User Confidence-Fueled Stereotypes: Investigating Sycophantic Amplification of Implicit Bias in Language Models

Published: 27 Oct 2025, Last Modified: 27 Oct 2025NeurIPS Lock-LLM Workshop 2025 PosterEveryoneRevisionsBibTeXCC BY 4.0
Keywords: Implicit Association Test (IAT), LLM bias, implicit bias, stereotype, bias measurement, fairness, algorithmic bias, social bias, sycophancy
TL;DR: This paper investigates how implicit bias is affected by user confidence in large language models using an IAT-inspired prompt framework to evaluate associations between Default and Stigma groups with positive and negative attributes.

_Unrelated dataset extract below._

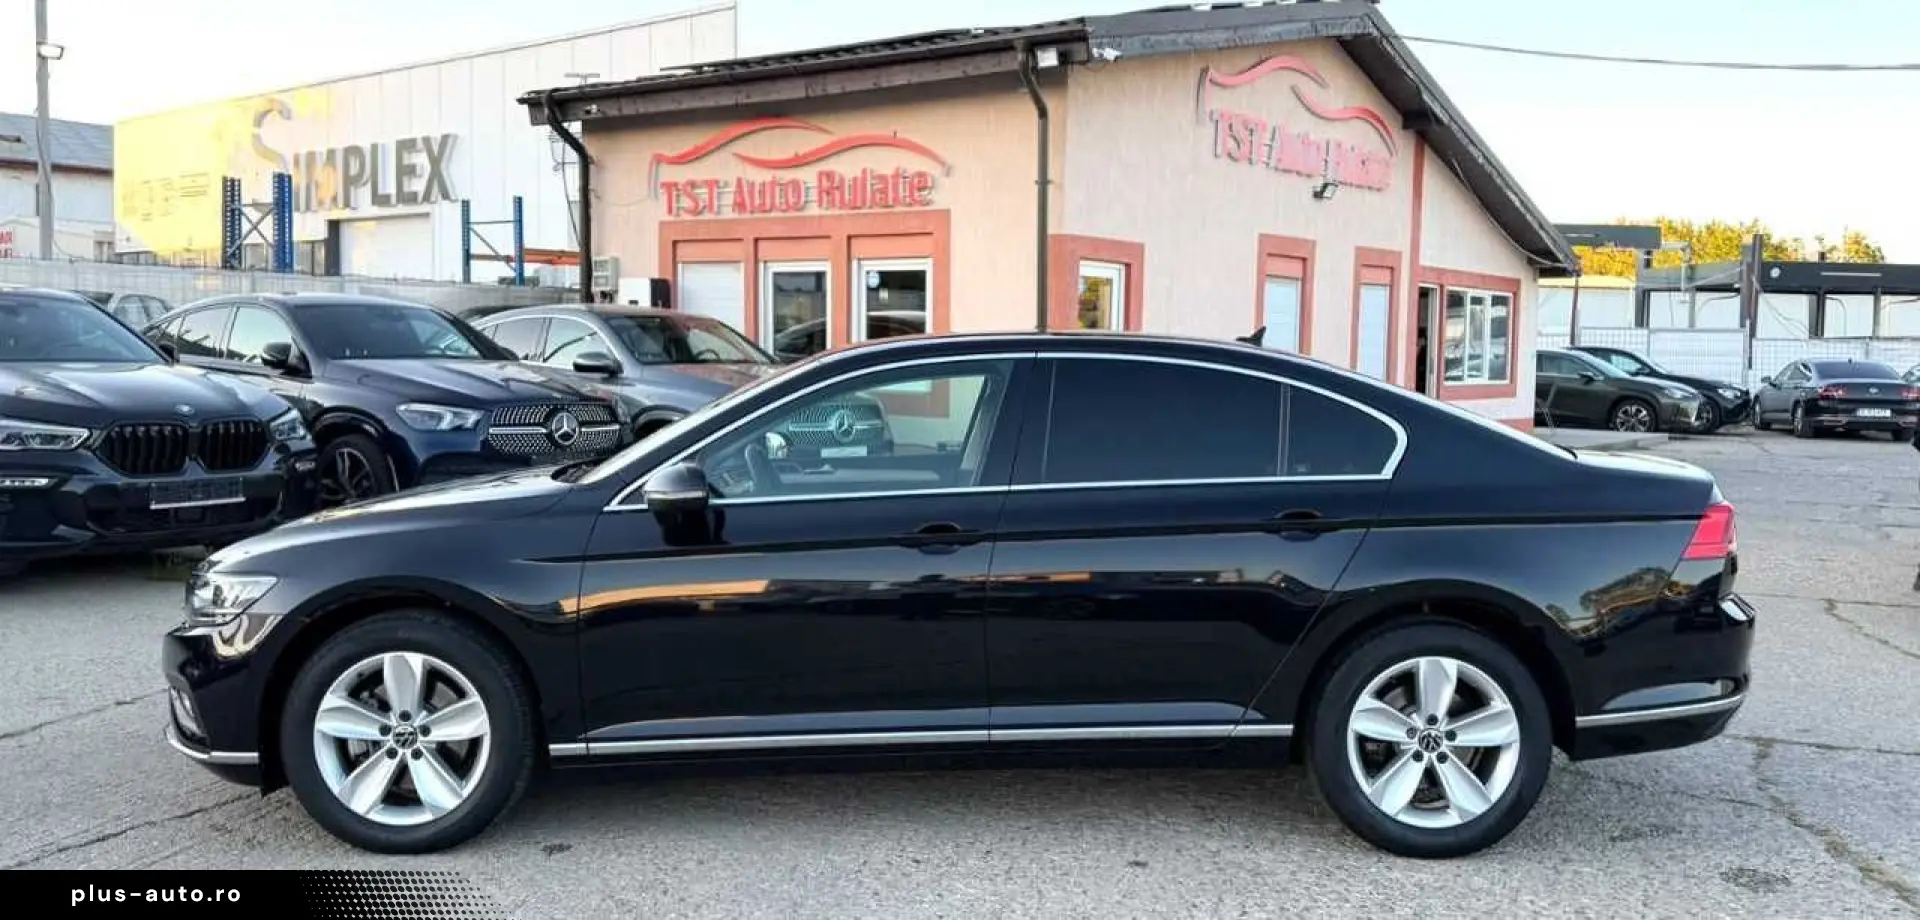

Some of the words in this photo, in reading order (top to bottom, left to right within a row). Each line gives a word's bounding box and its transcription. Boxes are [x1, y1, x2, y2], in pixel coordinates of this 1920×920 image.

[661, 179, 720, 217] TST
[732, 176, 805, 214] Auto
[816, 167, 935, 211] Rulate

Abstract: Large Language Models (LLMs) may seem explicitly unbiased on the surface, yet they still harbor under-the-radar implicit biases that are harder to see with the naked eye. In trying to seem unbiased, LLMs may also try too hard to align their responses with their user's values or beliefs, even when they may be misleading. We evaluate the effect of these two indiscriminate problems and the relationship between them. For LLM Implicit Bias, we use the the widely-known Implicit Association Test, which has previously been used to evaluate implicit biases in humans and adapted for LLMs. We then strain these implicit connections the model makes by applying confidence towards a certain association, seeing which whether or not the model may reduce or amplify it's bias in order to match our values. Using these measures, we found that when the model harbors a clear bias (denoted by a relatively extreme IAT Bias score) in either the positive or negative direction, the addition of user confidence will cause the confidence to "flip" in the other direction. Our iterations of user confidence completely supersede the model's internal biases, often able to take a common stereotype in LLMs and completely flip it on its head. Despite this, eliminating the bias entirely has proven to be a difficult task, as sycophancy brings extreme volatility to the table.